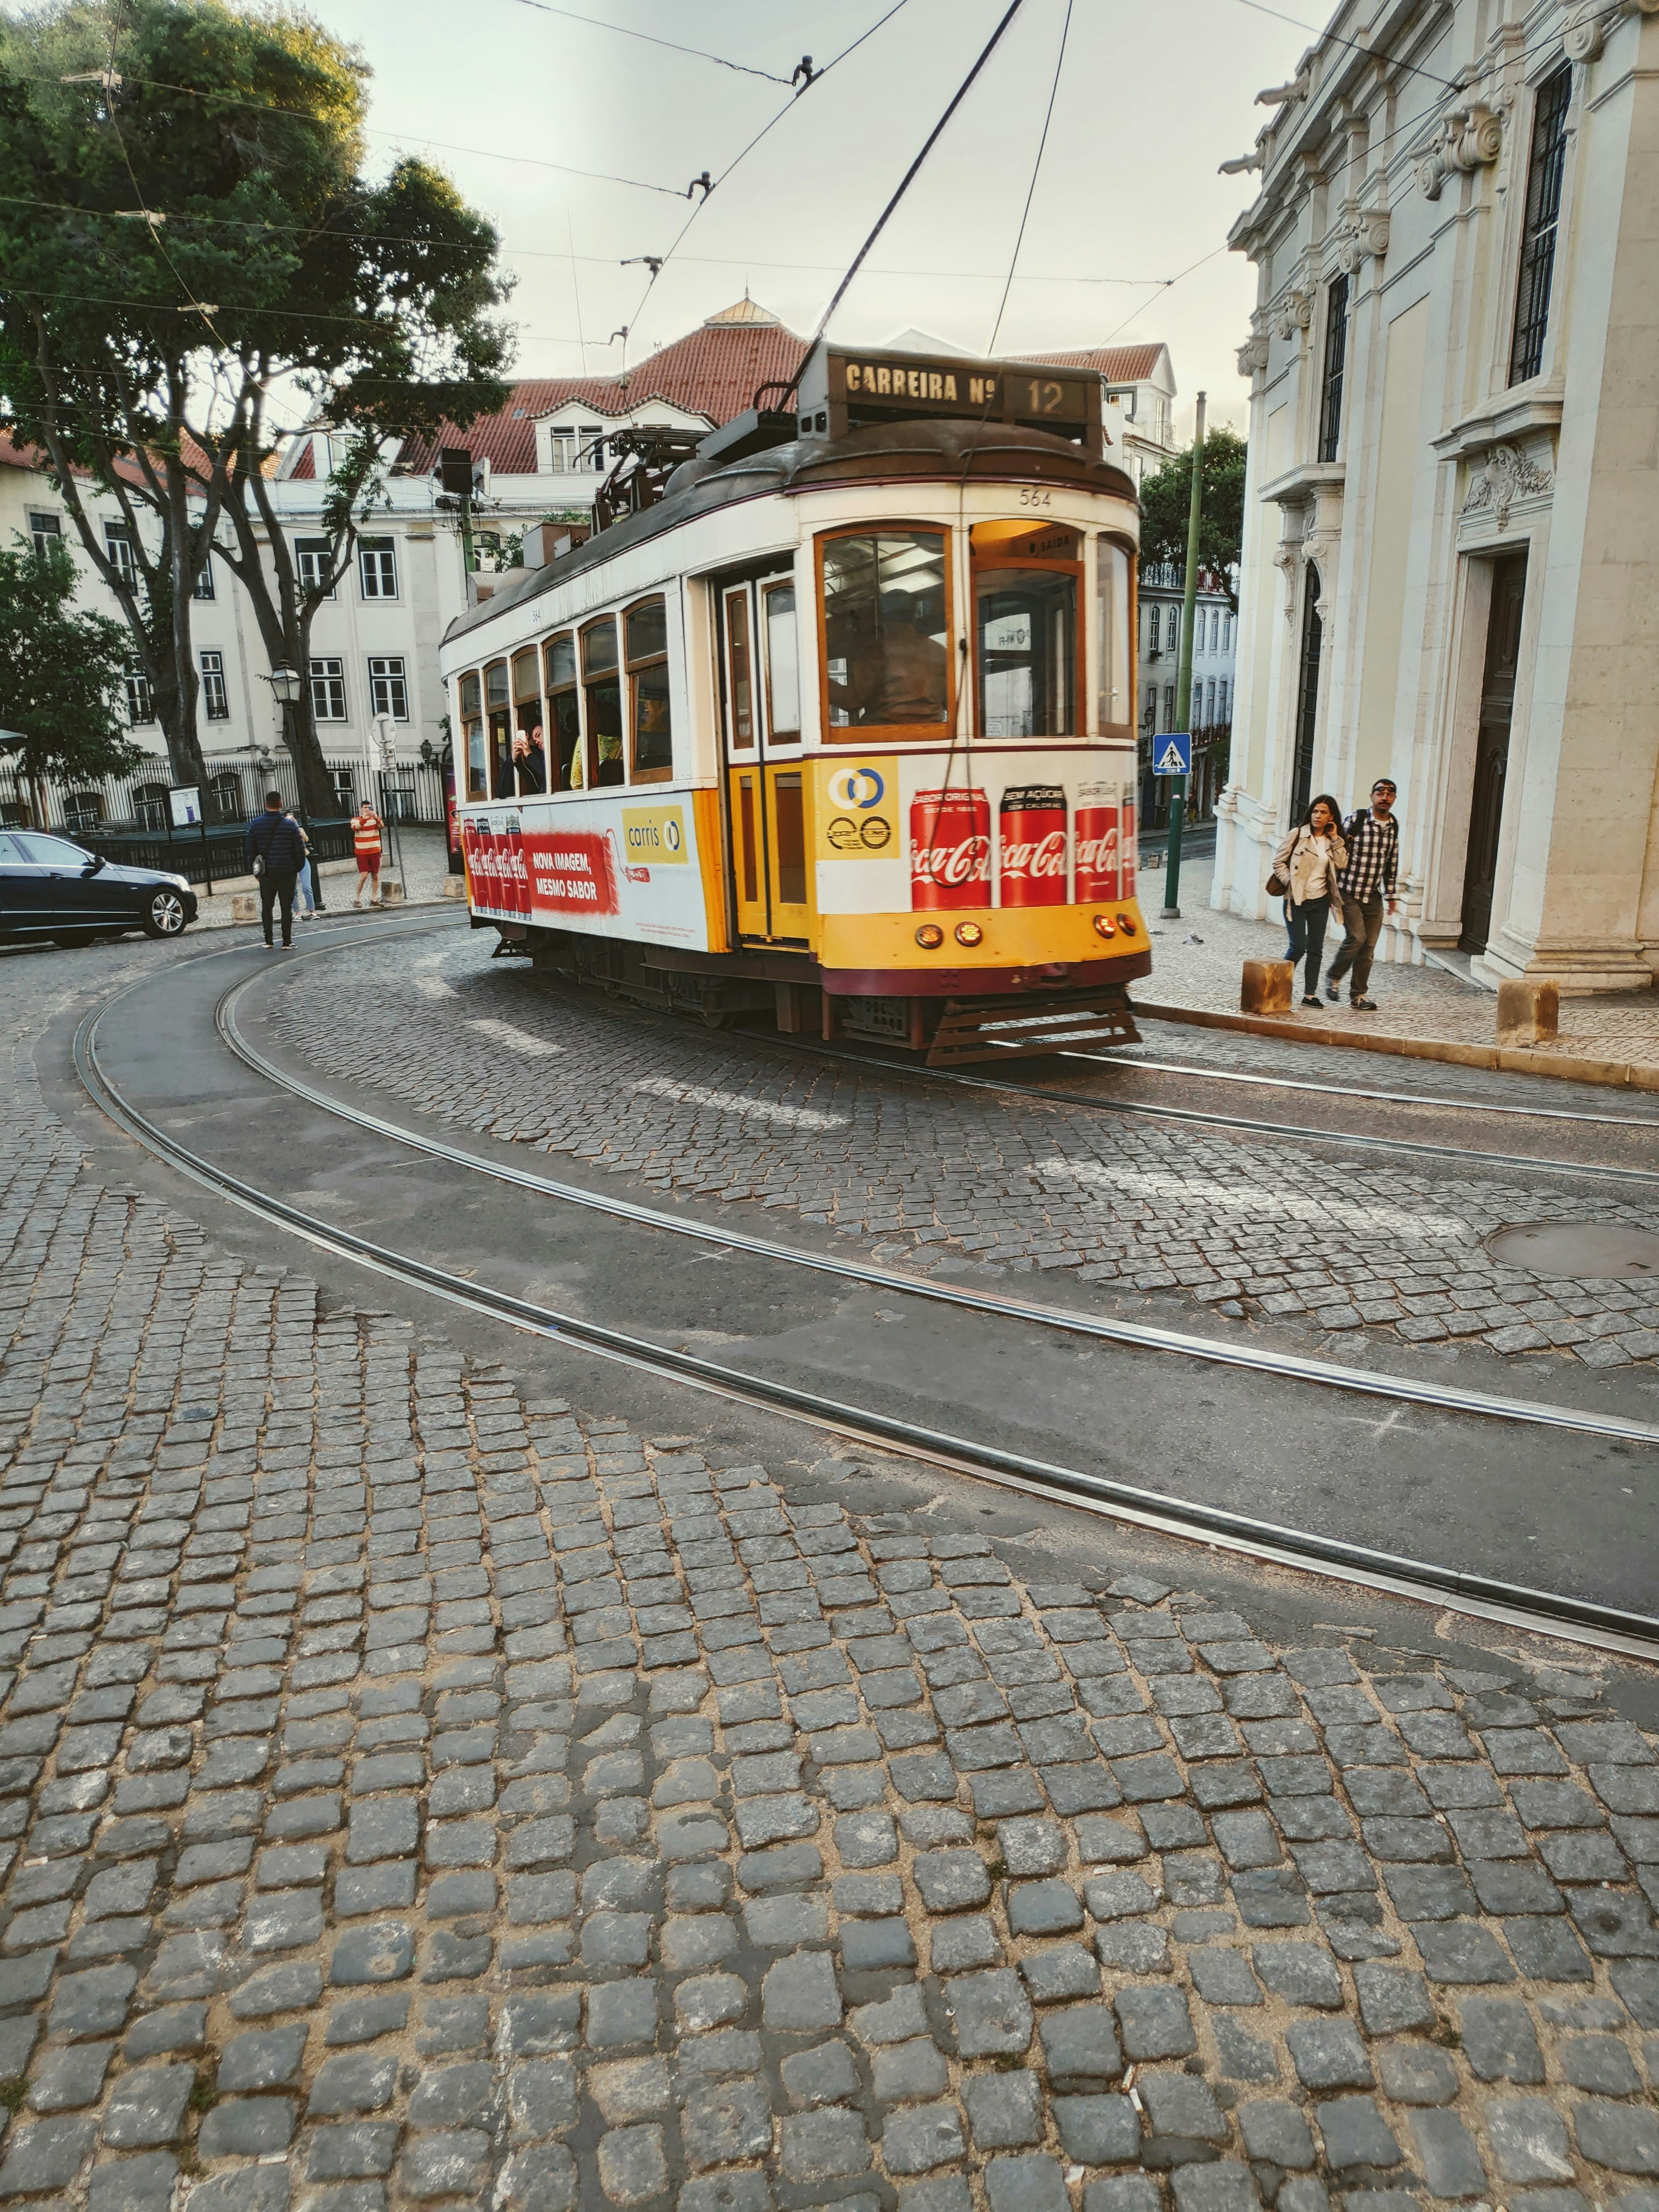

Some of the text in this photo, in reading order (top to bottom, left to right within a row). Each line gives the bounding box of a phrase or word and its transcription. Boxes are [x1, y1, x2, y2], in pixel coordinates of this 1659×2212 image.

[846, 364, 958, 402] CARREIRA
[1028, 379, 1064, 414] 12
[1019, 489, 1051, 507] 564
[533, 608, 541, 623] 564
[912, 792, 988, 805] SABOR ORIGNAL
[1003, 791, 1025, 801] SEM
[629, 819, 659, 847] carris
[533, 852, 592, 876] NOVA IMAGEM,
[535, 878, 597, 900] MESMO SABOR
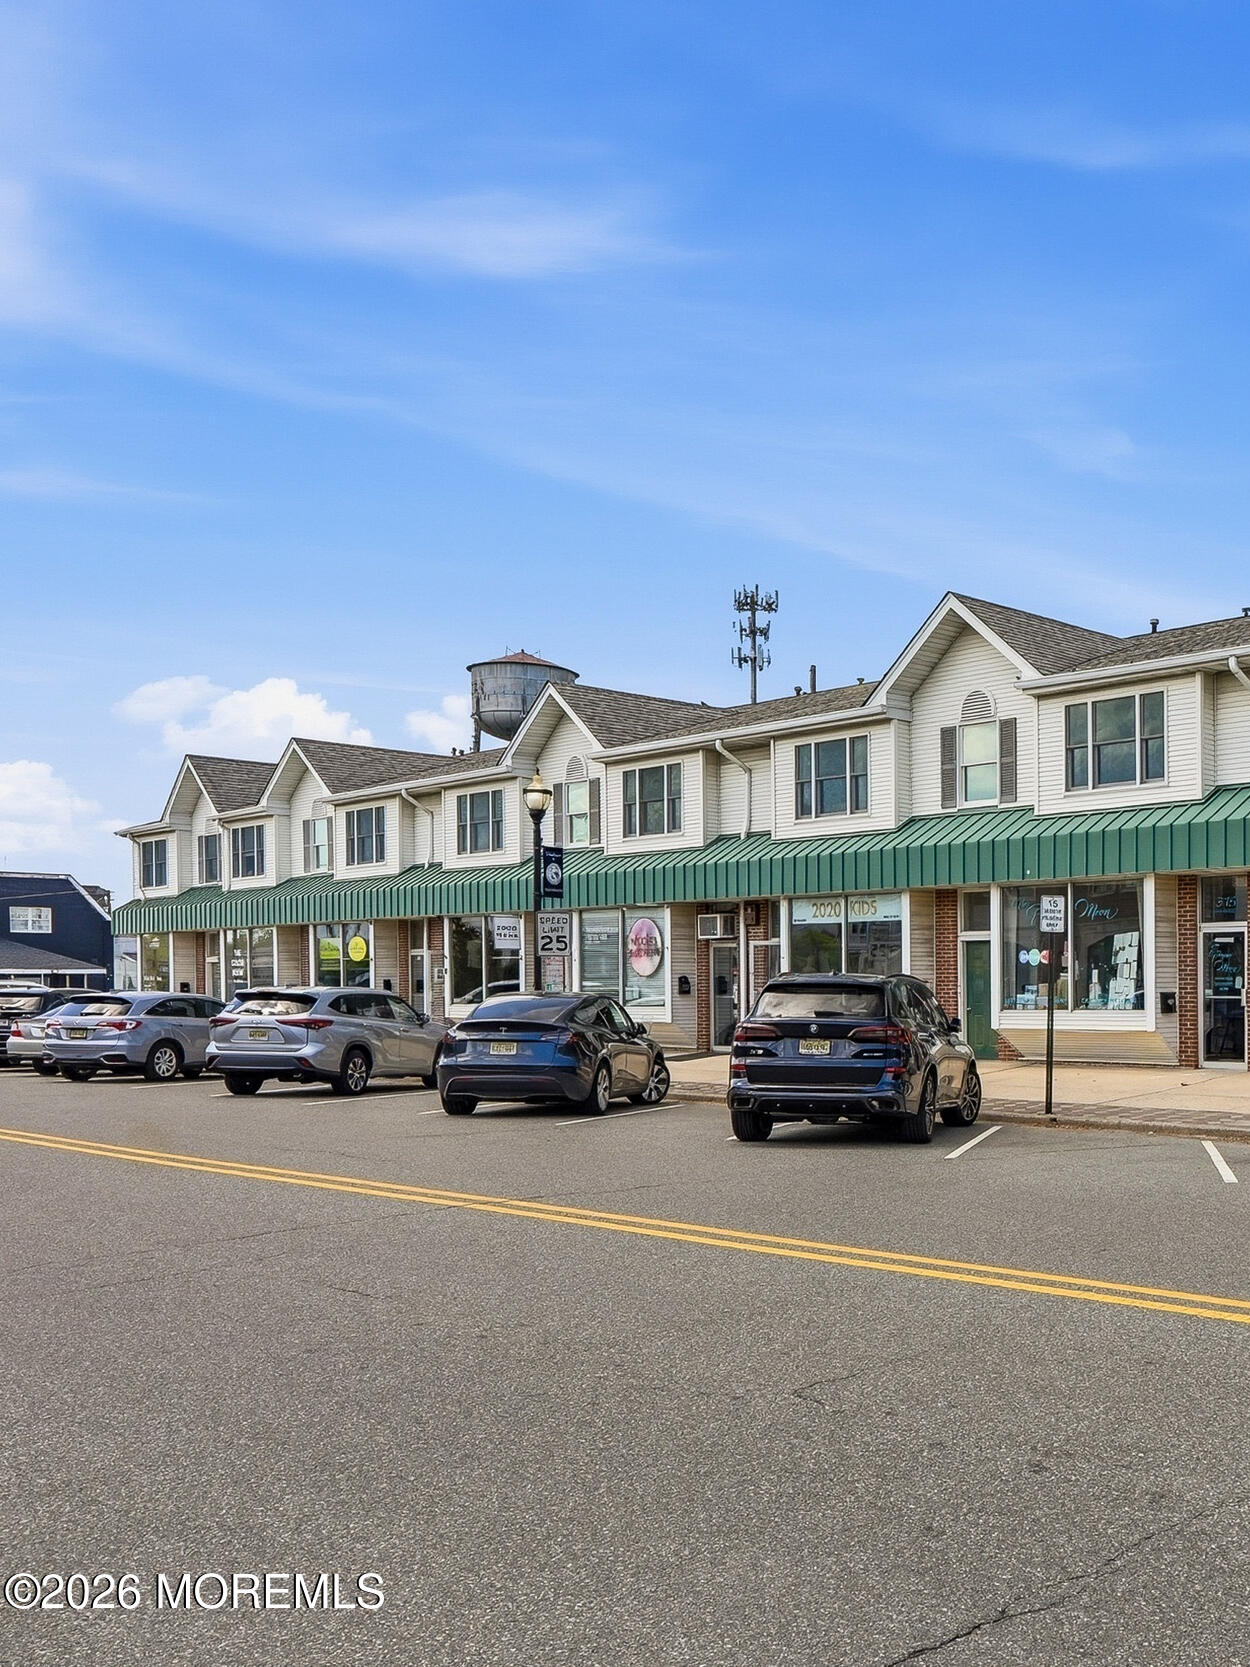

********************

- **Task description**
Only the text of the entries belongs in the answer, copied exactly; the pictures stay out.

- **Answer space**
Some of the text in this photo, in reading order (top to bottom, left to right within a row). Each line gives the bounding box of a phrase or word and its transcription. Boxes are [x1, y1, x2, y2], in pixel coordinates of this 1659×2212 image.

[846, 364, 958, 402] CARREIRA
[1028, 379, 1064, 414] 12
[1019, 489, 1051, 507] 564
[533, 608, 541, 623] 564
[912, 792, 988, 805] SABOR ORIGNAL
[1003, 791, 1025, 801] SEM
[629, 819, 659, 847] carris
[533, 852, 592, 876] NOVA IMAGEM,
[535, 878, 597, 900] MESMO SABOR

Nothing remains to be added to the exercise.